## PROVIDED MATERIAL
━━━━━━━━━━

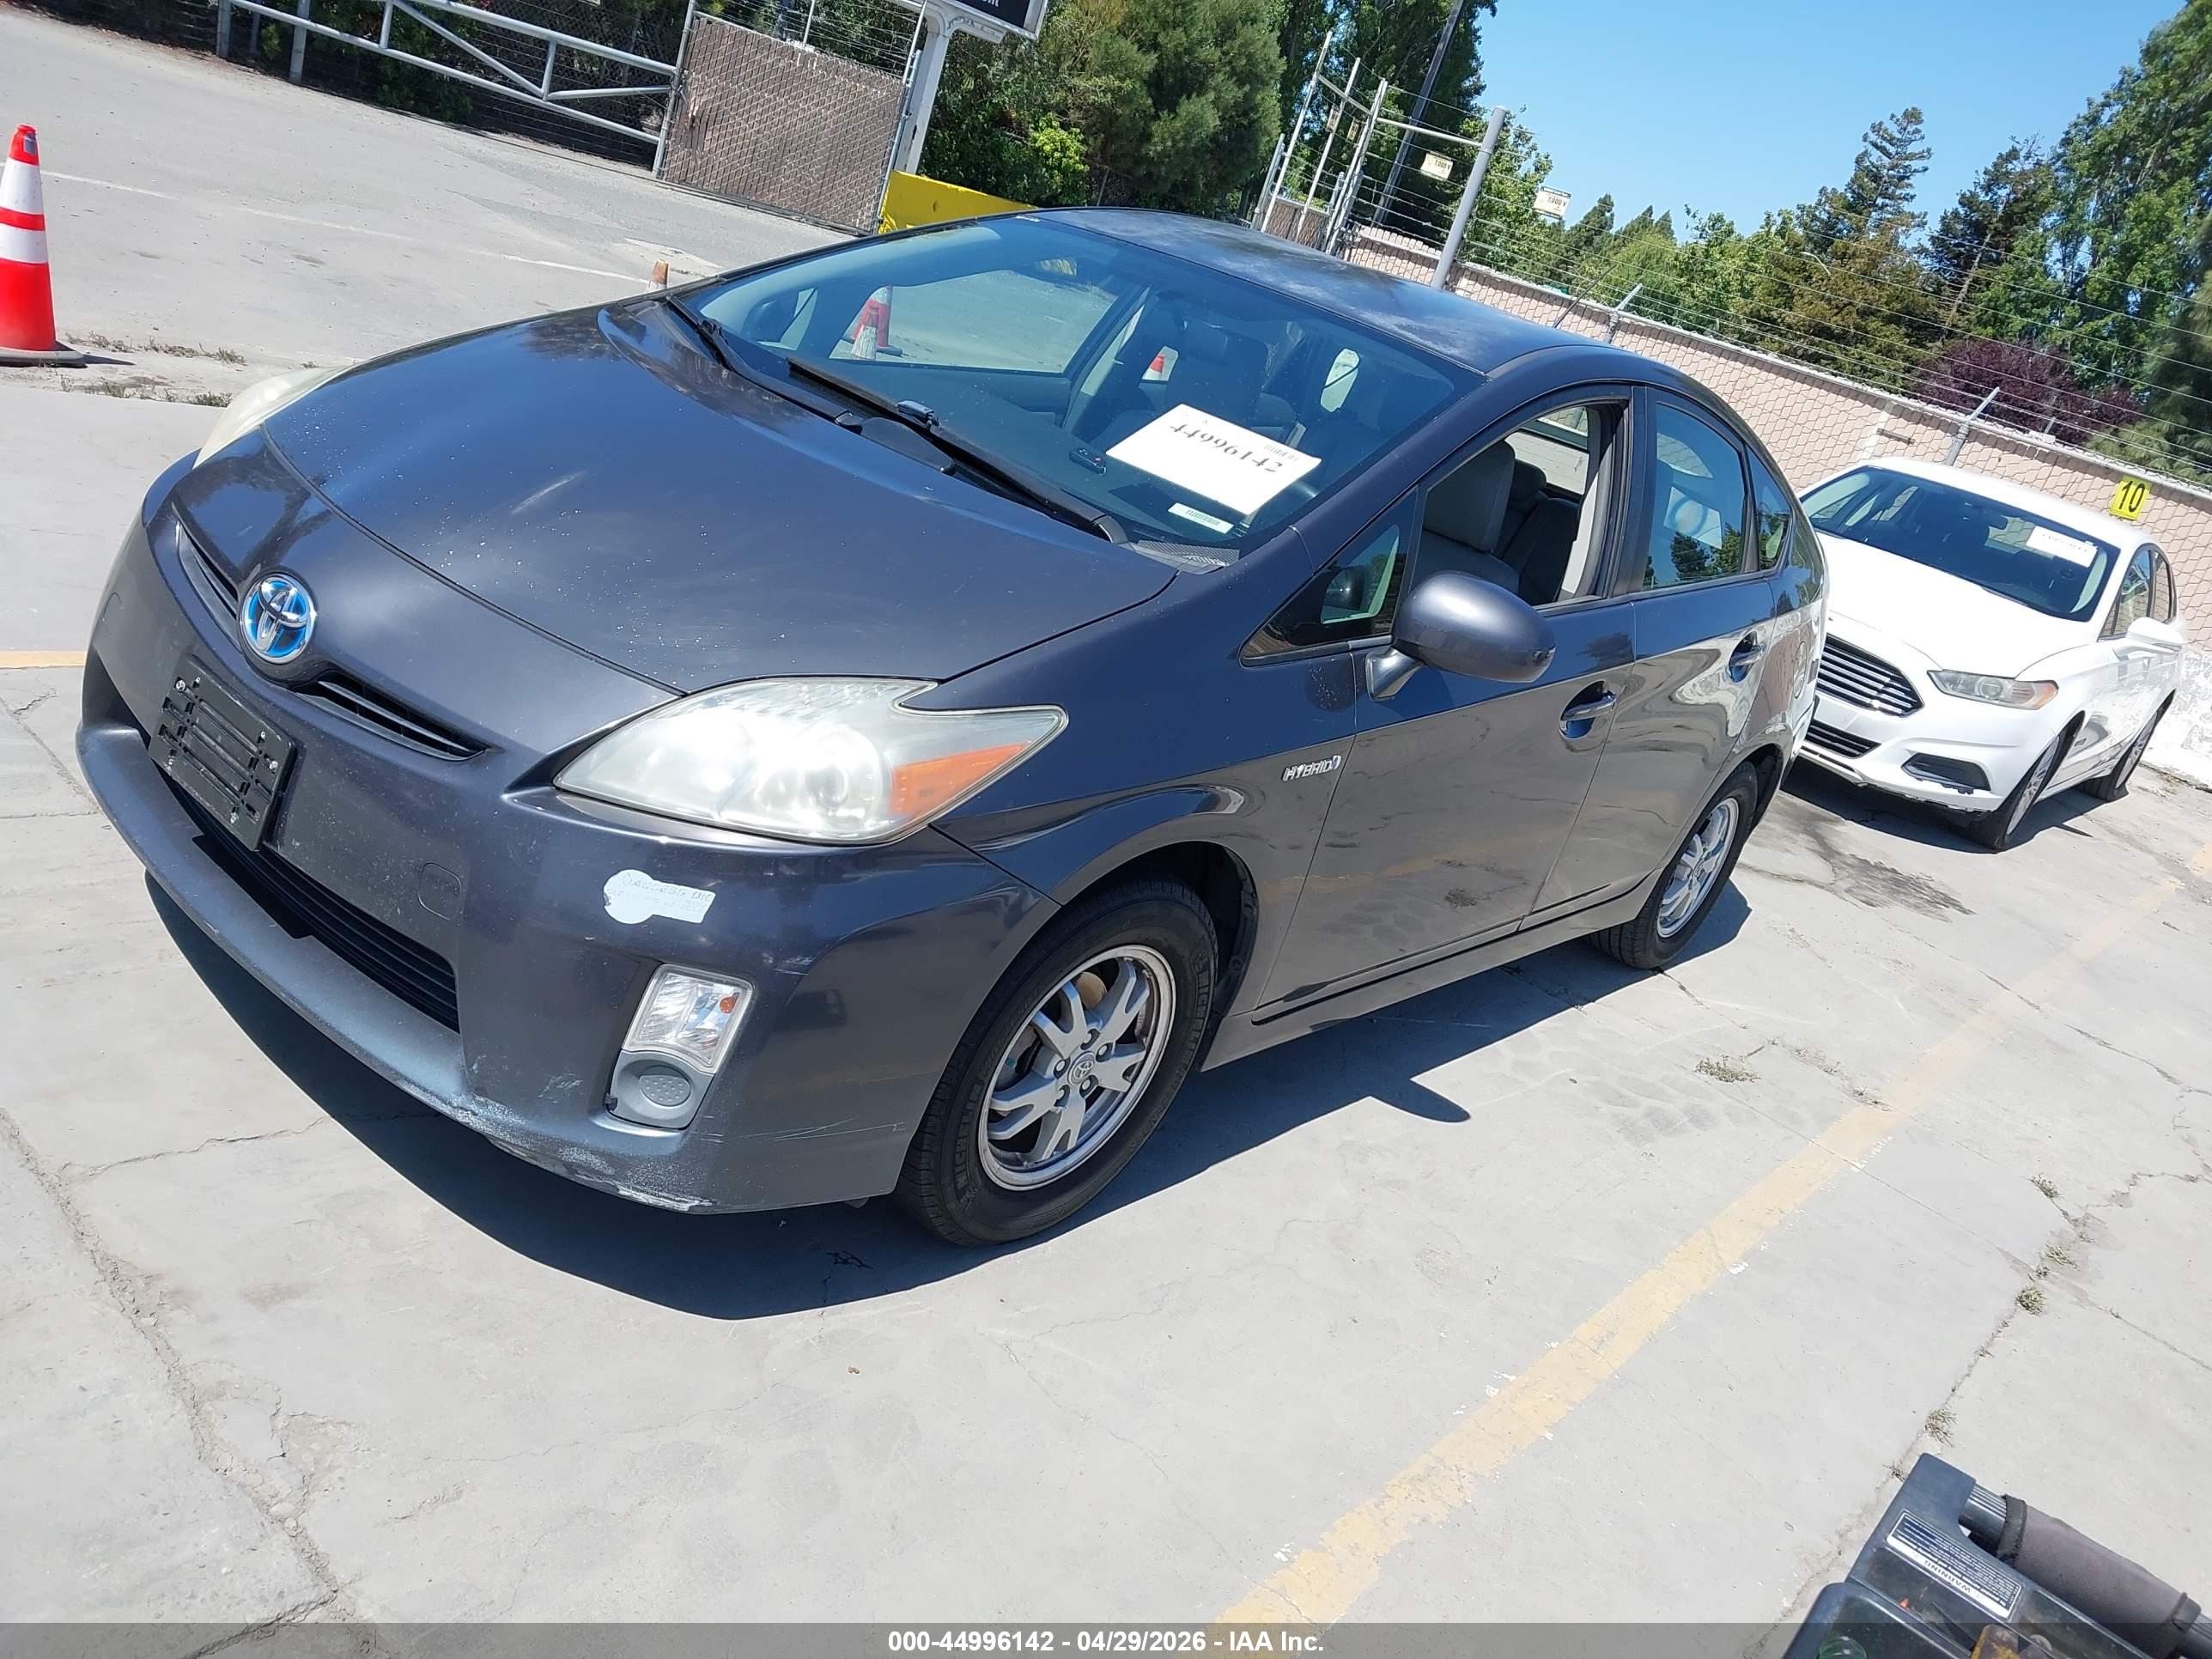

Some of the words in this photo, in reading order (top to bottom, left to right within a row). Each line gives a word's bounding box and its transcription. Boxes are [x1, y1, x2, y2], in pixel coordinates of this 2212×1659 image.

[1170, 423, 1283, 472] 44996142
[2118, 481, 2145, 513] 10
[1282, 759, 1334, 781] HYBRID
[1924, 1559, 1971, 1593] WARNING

━━━━━━━━━━

## TASK REQUIREMENTS
Please copy the data shown above word for word, omitting the pictures.

## REPLY TO THE TASK
Some of the words in this photo, in reading order (top to bottom, left to right within a row). Each line gives a word's bounding box and its transcription. Boxes are [x1, y1, x2, y2], in pixel coordinates of this 2212×1659 image.

[1170, 423, 1283, 472] 44996142
[2118, 481, 2145, 513] 10
[1282, 759, 1334, 781] HYBRID
[1924, 1559, 1971, 1593] WARNING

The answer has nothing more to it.